§ **DATA FOR THE TASK**:
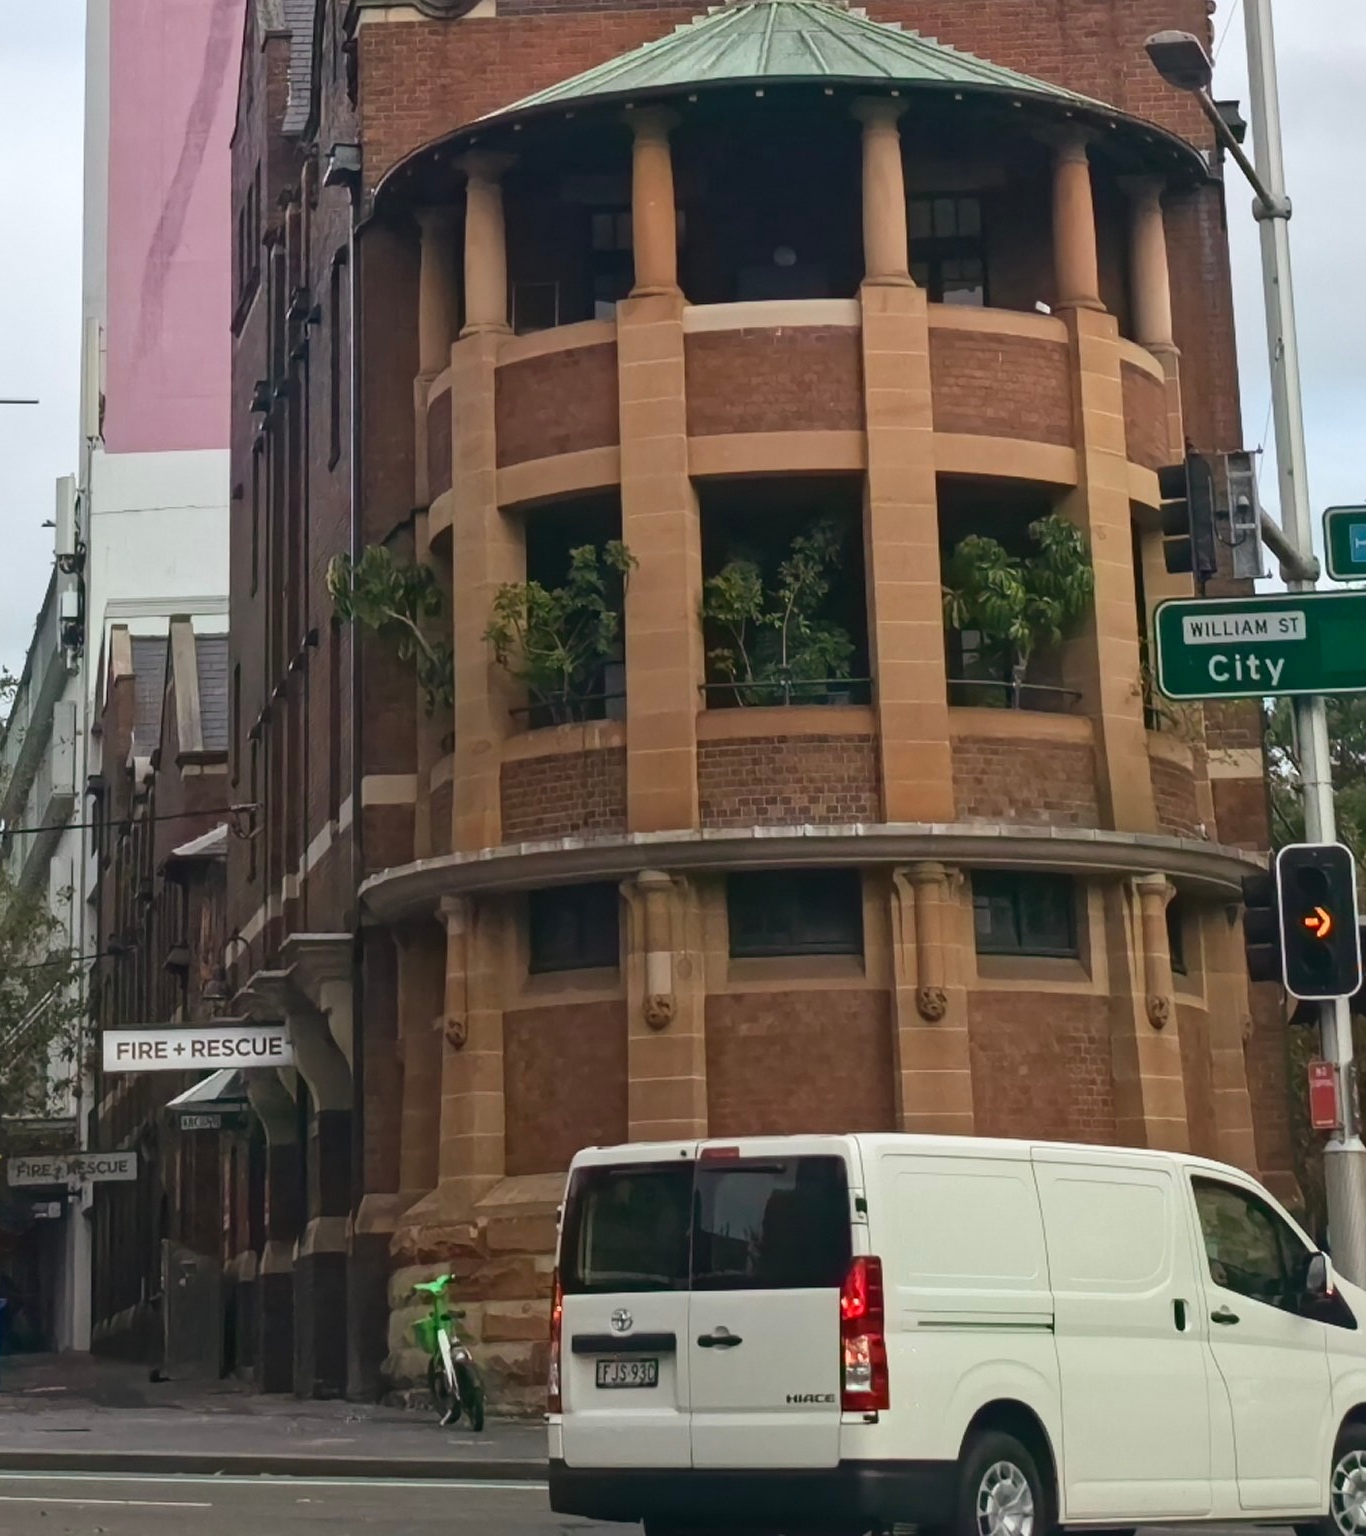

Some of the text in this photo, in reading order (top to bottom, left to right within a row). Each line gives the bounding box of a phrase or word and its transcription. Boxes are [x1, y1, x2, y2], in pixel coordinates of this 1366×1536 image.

[1190, 617, 1298, 638] WILLIAM ST
[1208, 654, 1285, 686] City
[116, 1041, 168, 1061] FIRE
[191, 1036, 283, 1059] RESCUE
[16, 1162, 52, 1178] FIRE
[786, 1394, 835, 1404] HIACE
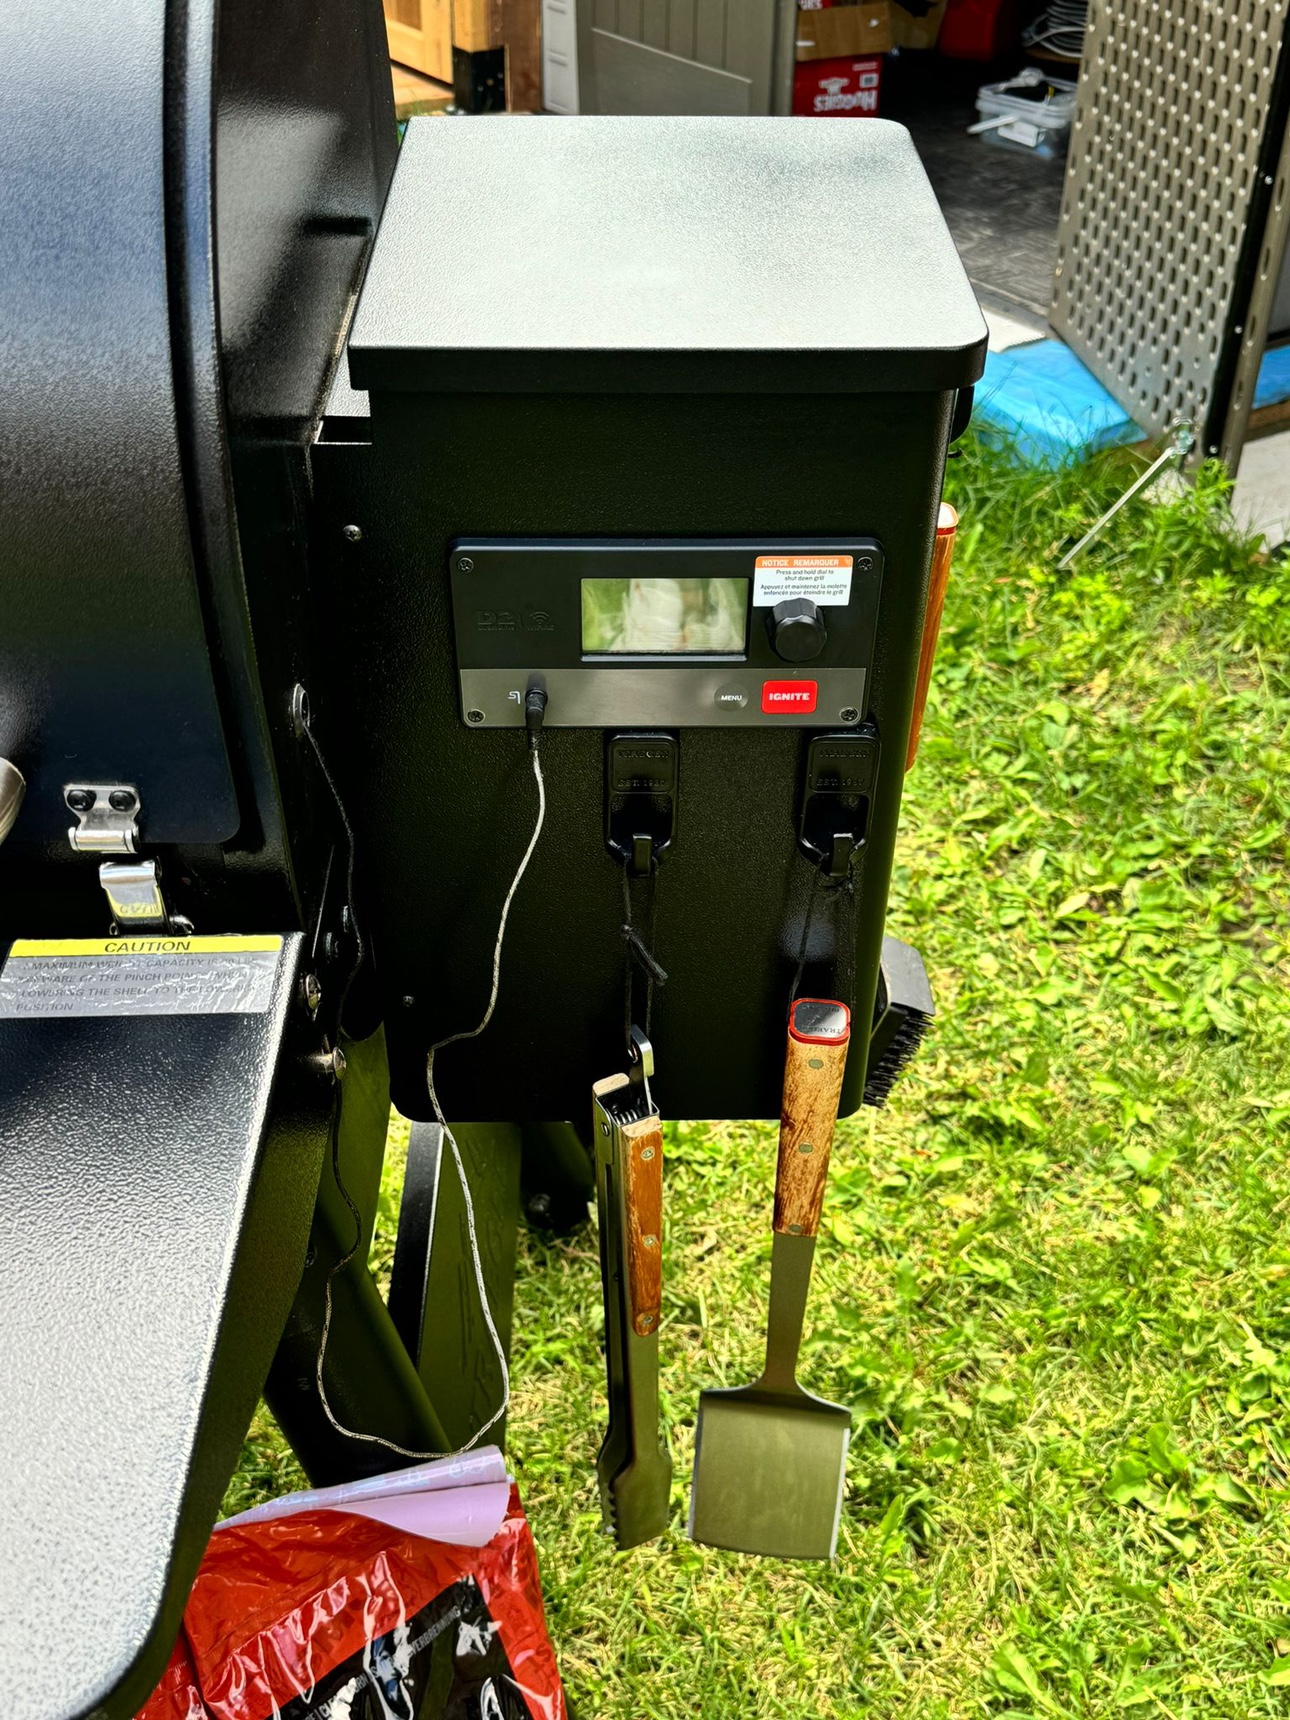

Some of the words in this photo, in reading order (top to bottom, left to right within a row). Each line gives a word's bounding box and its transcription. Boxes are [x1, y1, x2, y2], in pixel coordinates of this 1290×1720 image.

[762, 558, 789, 567] NOTICE
[793, 558, 840, 567] REMARQUER
[720, 694, 743, 702] MENU
[768, 692, 811, 701] IGNITE
[104, 941, 191, 952] CAUTION
[146, 958, 204, 968] CAPACITY
[99, 974, 122, 982] THE
[124, 972, 161, 982] PINCH
[88, 988, 110, 997] THE
[154, 986, 170, 994] TO
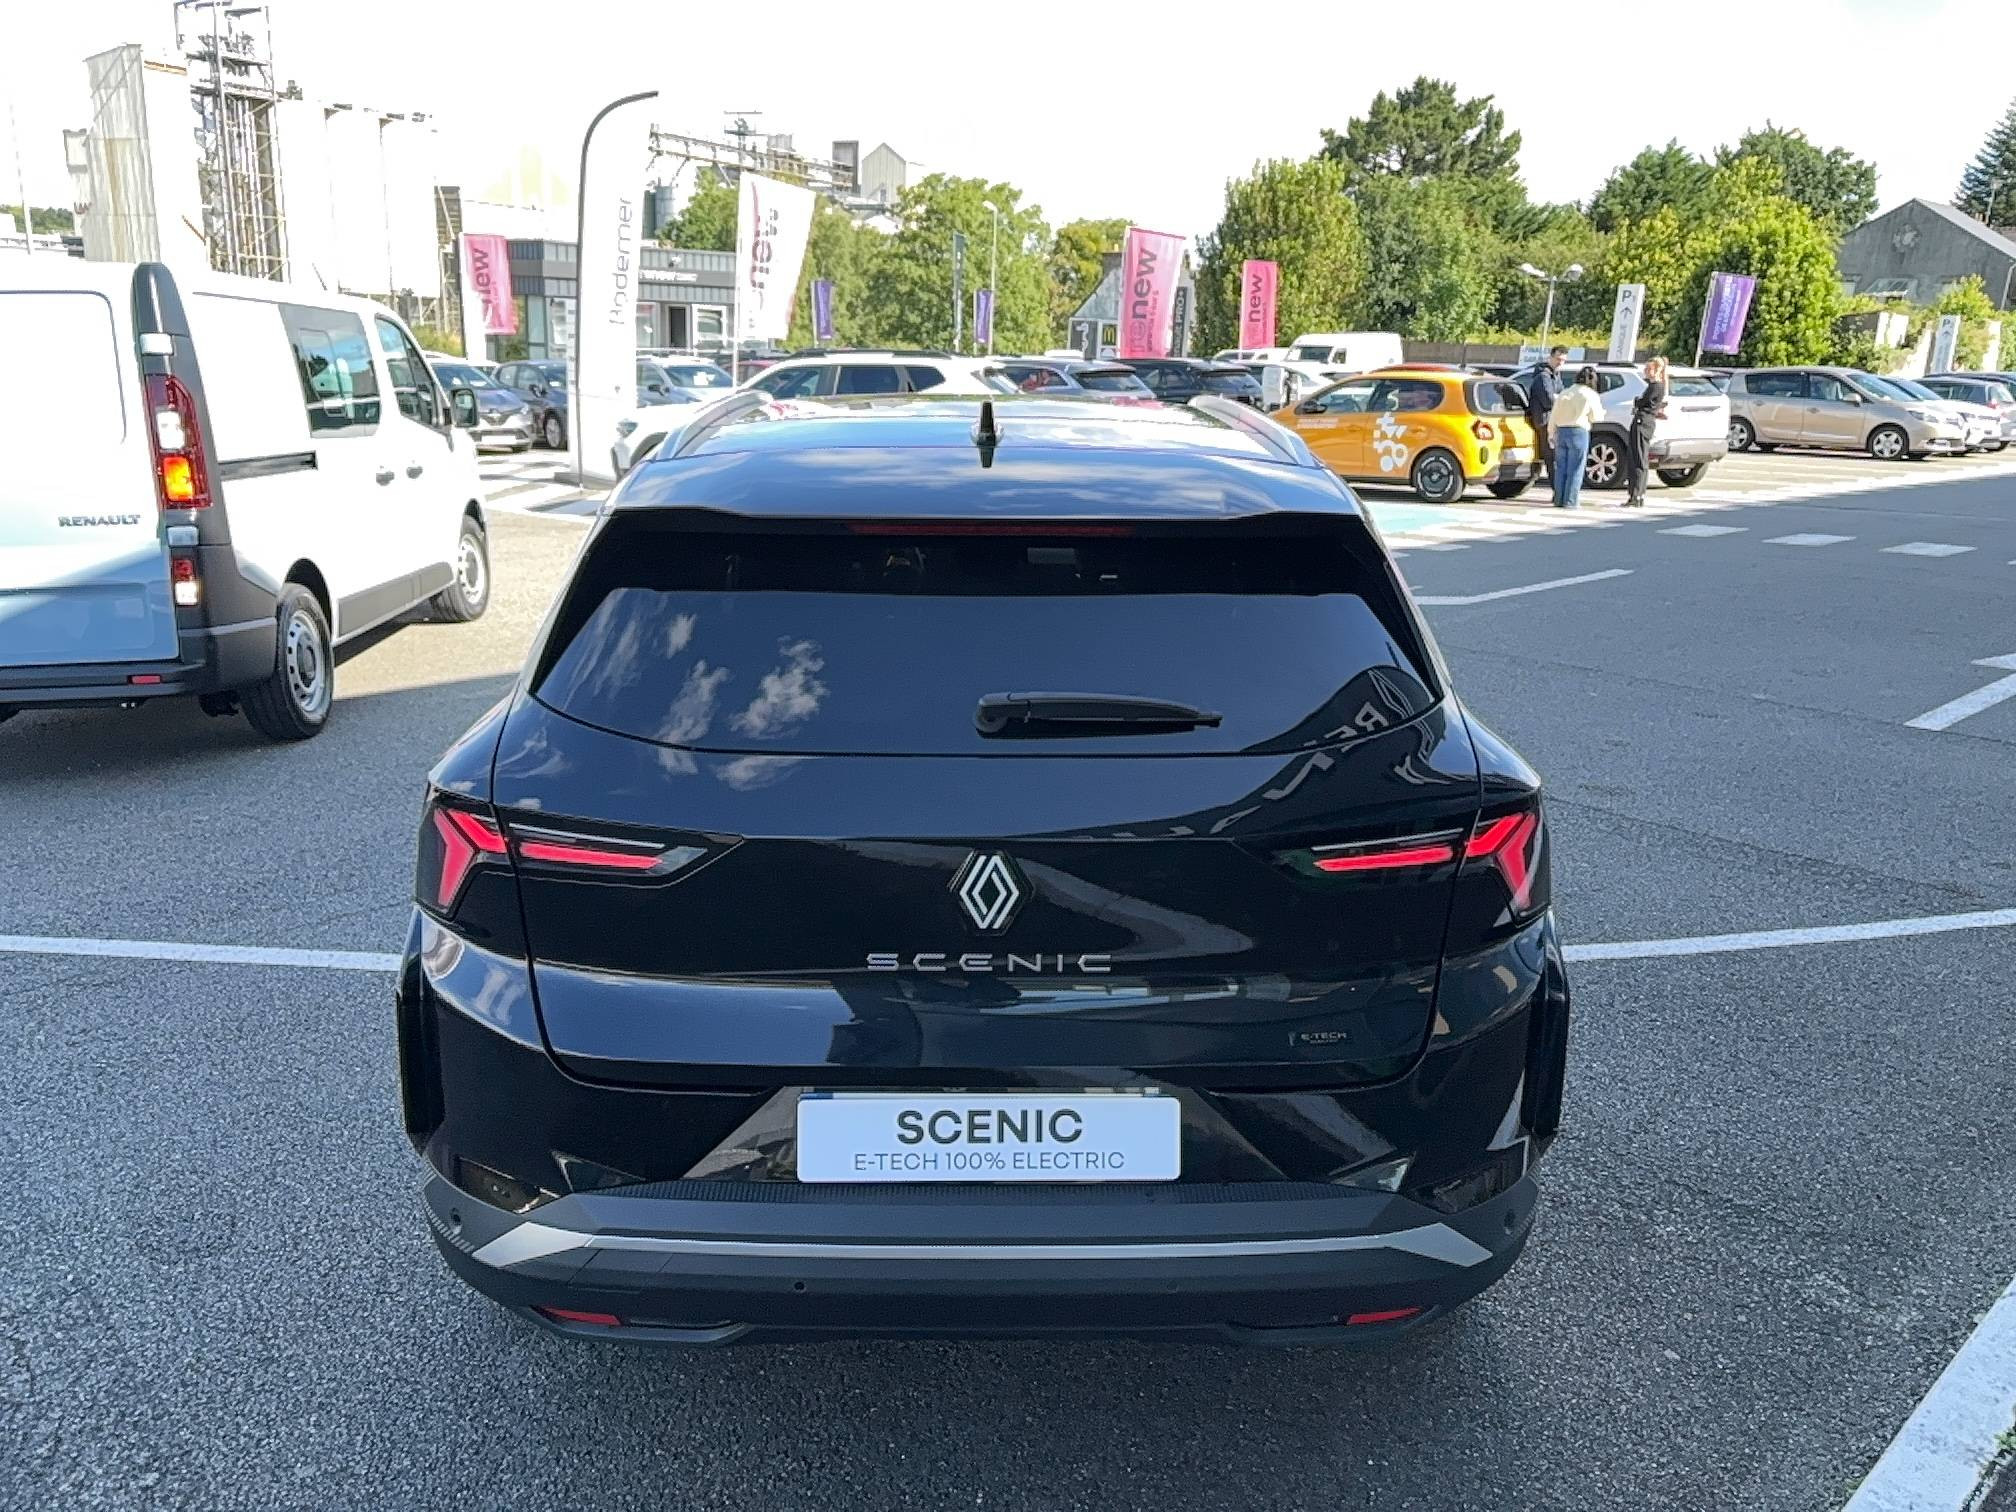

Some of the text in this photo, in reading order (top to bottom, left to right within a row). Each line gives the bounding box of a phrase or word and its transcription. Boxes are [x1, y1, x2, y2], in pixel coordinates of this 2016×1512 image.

§ **TASK OBJECTIVE**:
Wherever a picture appears in the listing above, drop it, and restate the rest exactly.

§ **EXERCISE OUTPUT**:
Some of the text in this photo, in reading order (top to bottom, left to right within a row). Each line gives the bounding box of a phrase or word and its transcription. Boxes are [x1, y1, x2, y2], in pixel coordinates of this 1366×1536 image.

[1190, 617, 1298, 638] WILLIAM ST
[1208, 654, 1285, 686] City
[116, 1041, 168, 1061] FIRE
[191, 1036, 283, 1059] RESCUE
[16, 1162, 52, 1178] FIRE
[786, 1394, 835, 1404] HIACE

Some of the words in this photo, in reading order (top to bottom, left to right within a row). Each line gives a word's bounding box and its transcription. Boxes are [x1, y1, x2, y2], in pixel coordinates of this 1290×1720 image.

[762, 558, 789, 567] NOTICE
[793, 558, 840, 567] REMARQUER
[720, 694, 743, 702] MENU
[768, 692, 811, 701] IGNITE
[104, 941, 191, 952] CAUTION
[146, 958, 204, 968] CAPACITY
[99, 974, 122, 982] THE
[124, 972, 161, 982] PINCH
[88, 988, 110, 997] THE
[154, 986, 170, 994] TO

Some of the text in this photo, in reading order (top to bottom, left to right within a row). Each line gives the bounding box of a phrase or word and its transcription. Boxes are [x1, y1, x2, y2], in pixel coordinates of this 2016×1512 image.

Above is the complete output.